Prozeßkostenhilfe für Hartz-IV-Empfänger auch bei Bagatellsachen

Am 24.03.2011 hat das Bundesverfassungsgericht (1 BvR 1737/10) unserer im letzen Jahr eingereichten Verfassungsbeschwerde gegen zwei Entscheidungen des Sozialgerichts Berlin und des Landessozialgerichts Berlin-Brandenburg stattgegeben.
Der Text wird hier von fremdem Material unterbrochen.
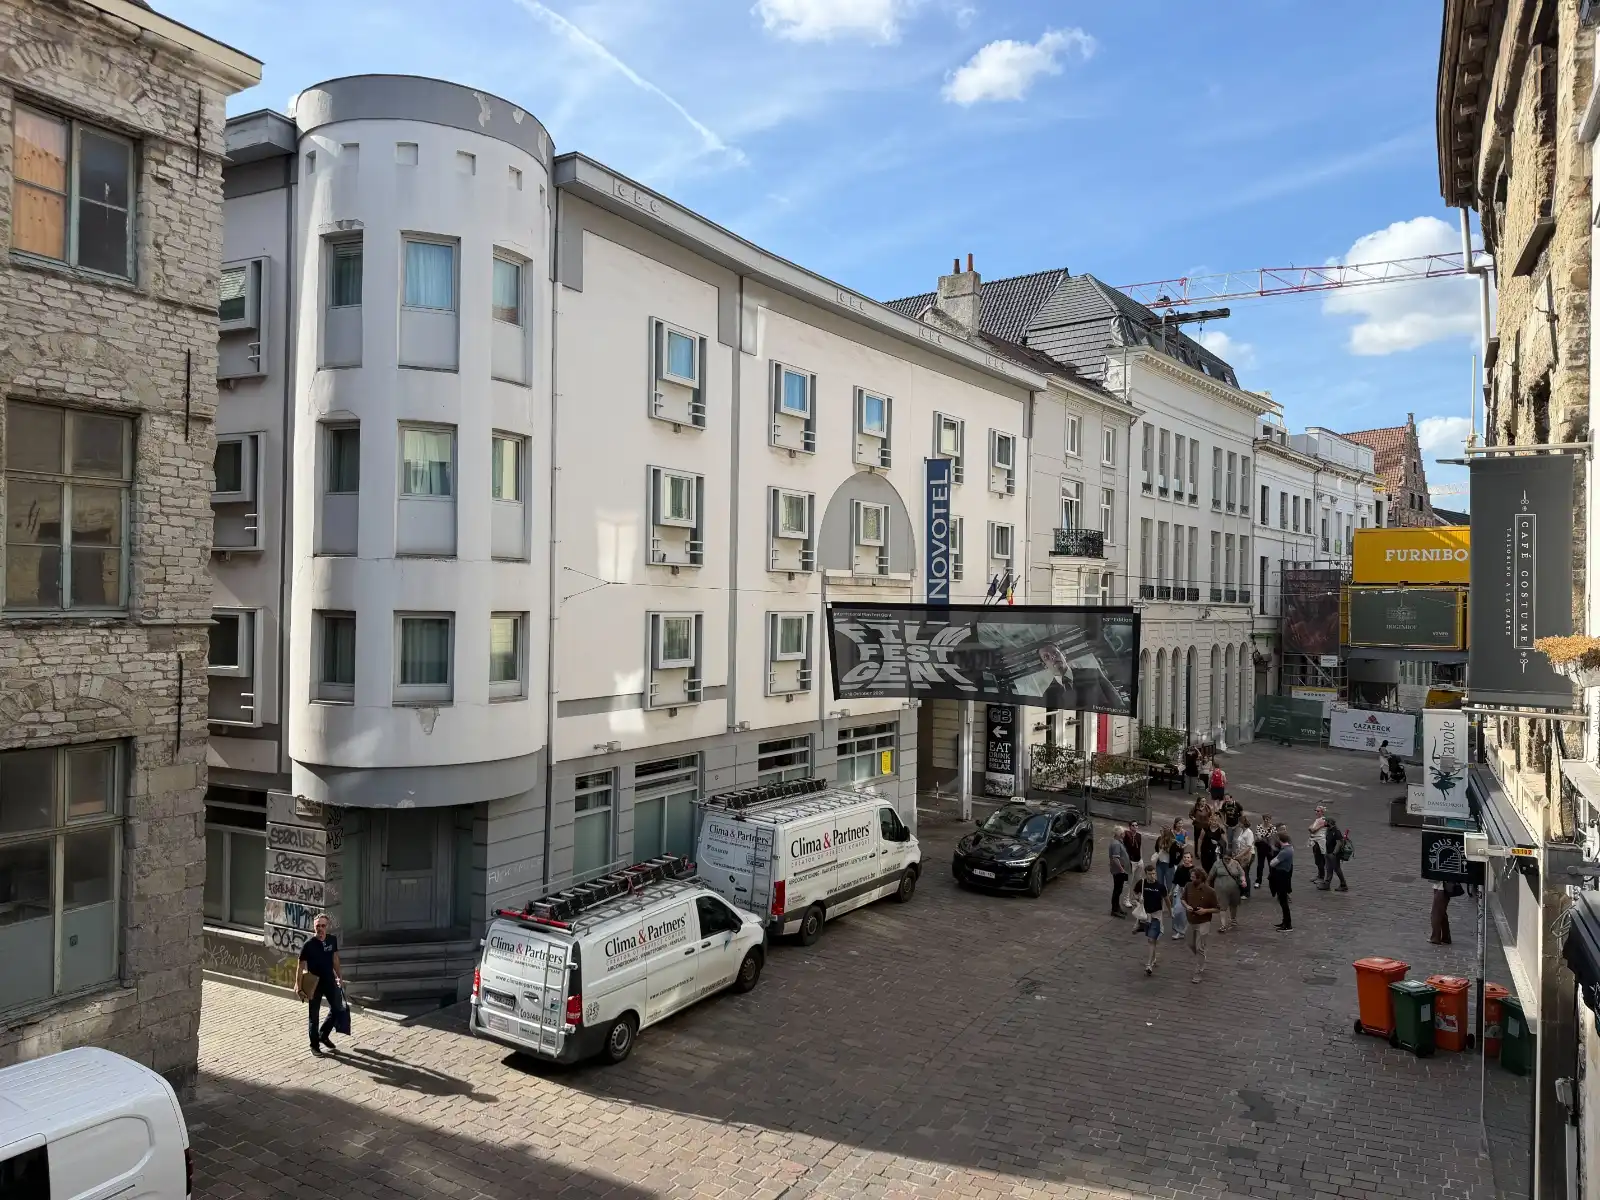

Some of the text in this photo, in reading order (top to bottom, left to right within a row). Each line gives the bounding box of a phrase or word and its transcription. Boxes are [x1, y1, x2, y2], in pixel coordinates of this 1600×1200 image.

[928, 468, 949, 599] NOVOTEL
[1384, 548, 1469, 562] FURNIBO
[1520, 521, 1531, 642] CAFÉ COSTUME
[834, 620, 972, 646] FILM
[857, 643, 954, 663] FEST
[841, 661, 976, 684] GENT
[1353, 722, 1391, 733] CAZAERCK
[989, 741, 1012, 753] EAT
[989, 752, 1011, 760] DRINK
[709, 824, 729, 838] Clima
[791, 837, 822, 858] Clima
[823, 832, 832, 849] &
[832, 824, 870, 846] Partners
[1429, 838, 1452, 854] SOUS
[604, 916, 686, 958] Clima & Partners
[490, 936, 564, 965] Clima & Partners
Das Sozialgericht lehnte im Rahmen eines Alg II-Klageverfahrens mit Beschluss vom 04.03.2010 (S 39 AS 21029/09) die beantragte Prozesskostenhilfe und Beiordnung eines Anwalts ab. Zur Begründung führte das gericht aus, dass ein nichtbedürftiger Kläger für eine Klageforderung in Höhe von hier 42 € keinen Anwalt beauftragt hätte. Die hiergegen erhobene Beschwerde wies das Landessozialgericht am 10.06.2010 (L 5 AS 610/10B PKH) mit der Begründung zurück, dass anwaltliche Hilfe nicht notwendig sei. Insbesondere sei das sozialgerichtliche Verfahren kostenfrei und es handele sich nur um eine Streitigkeit im Bagatellbereich. Es sei kein angemessenes Verhältnis zwischen Streitwert (42 €) und Kostenrisiko (bis 460 €) erkennbar.
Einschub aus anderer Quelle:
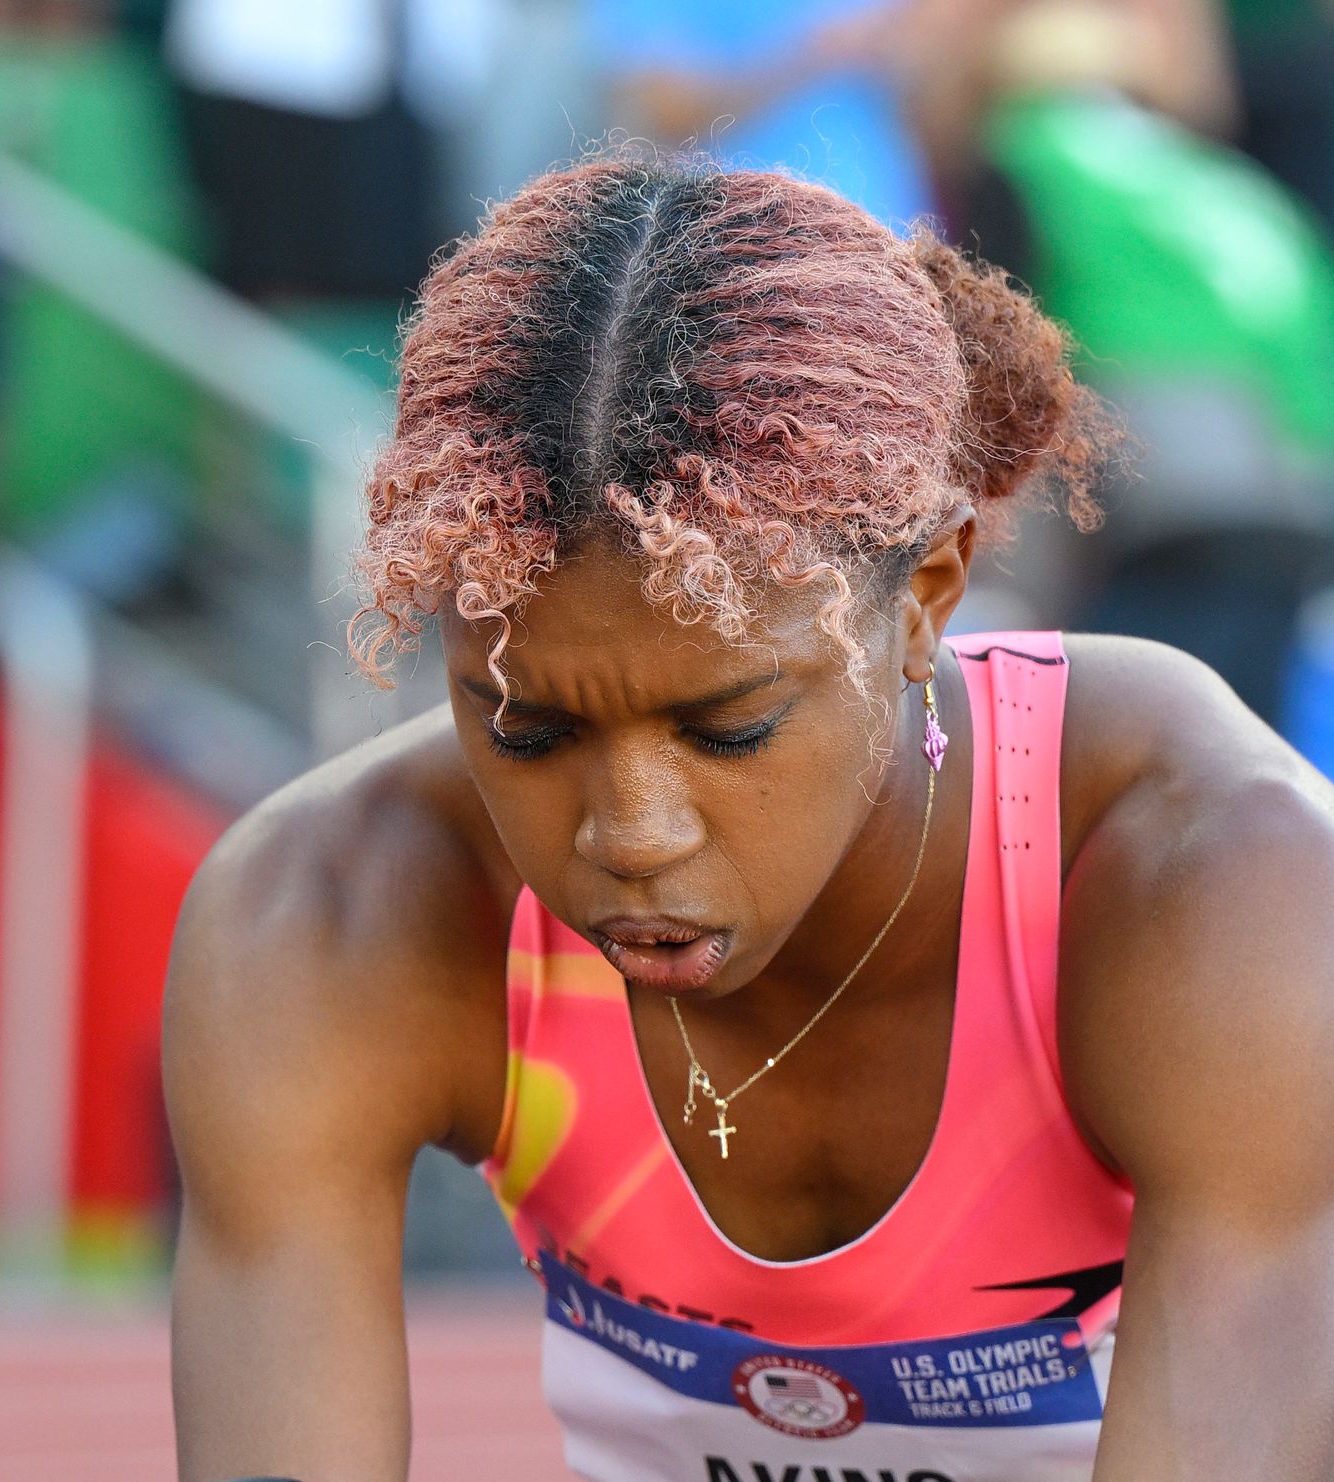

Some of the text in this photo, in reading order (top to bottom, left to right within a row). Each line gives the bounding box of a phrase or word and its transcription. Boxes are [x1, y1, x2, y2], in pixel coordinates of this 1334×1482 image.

[607, 1319, 700, 1372] USATF
[891, 1334, 1061, 1380] U.S. OLYMPIC
[898, 1358, 1067, 1401] TEAM TRIALS
[910, 1401, 966, 1419] TRACK
[984, 1391, 1033, 1415] FIELD
Gegen diese beiden Entscheidungen haben wir Verfassungsbeschwerde zum Bundesverfassungsgericht erhoben und die Verletzung des Grundrechts auf Rechtsschutzgleichheit und auf Garantie des effektiven Rechtsschutzes gerügt. Zu berücksichtigen war insbesondere, dass die meisten Alg-II-Prozesse einen Streitwert unter 100 € haben, da es bei den meisten Hartz-IV-Empfängern um viel weniger geht. Wenn diese Betroffenen sich im Klageverfahren keinen Rechtsanwalt nehmen dürften, bestünde eine Waffenungleichheit gegenüber der Behörde. Ferner sind 42 € für einen Hartz- IV-Empfänger bei einer Regelleistung von 359 € kein Bagatellbetrag, sondern sehr viel Geld (12 %).
Das Bundesverfassungsgericht sah dies genauso und hat die Entscheidungen des Sozialgerichts und des Landessozialgerichts wegen Grundrechtsverletzung aufgehoben. Es könne nicht anhand des Streitwertes darauf geschlossen werden, ob die Vertretung durch einen Rechtsanwalt erforderlich ist oder nicht. Dies richtet sich vielmehr danach, ob zwischen den Parteien eine Waffengleichheit besteht. Zu berücksichtigen ist nämlich, dass dem Rechtssuchenden prozesserfahrene und rechtskundige Behördenvertreter gegenüberstehen. Ein vernünftiger Rechtssuchender wird daher regelmäßig einen Rechtsanwalt einschalten, wenn er nicht ausnahmsweise selbst über ausreichende rechtliche Kenntnisnisse und Fähigkeiten verfügt.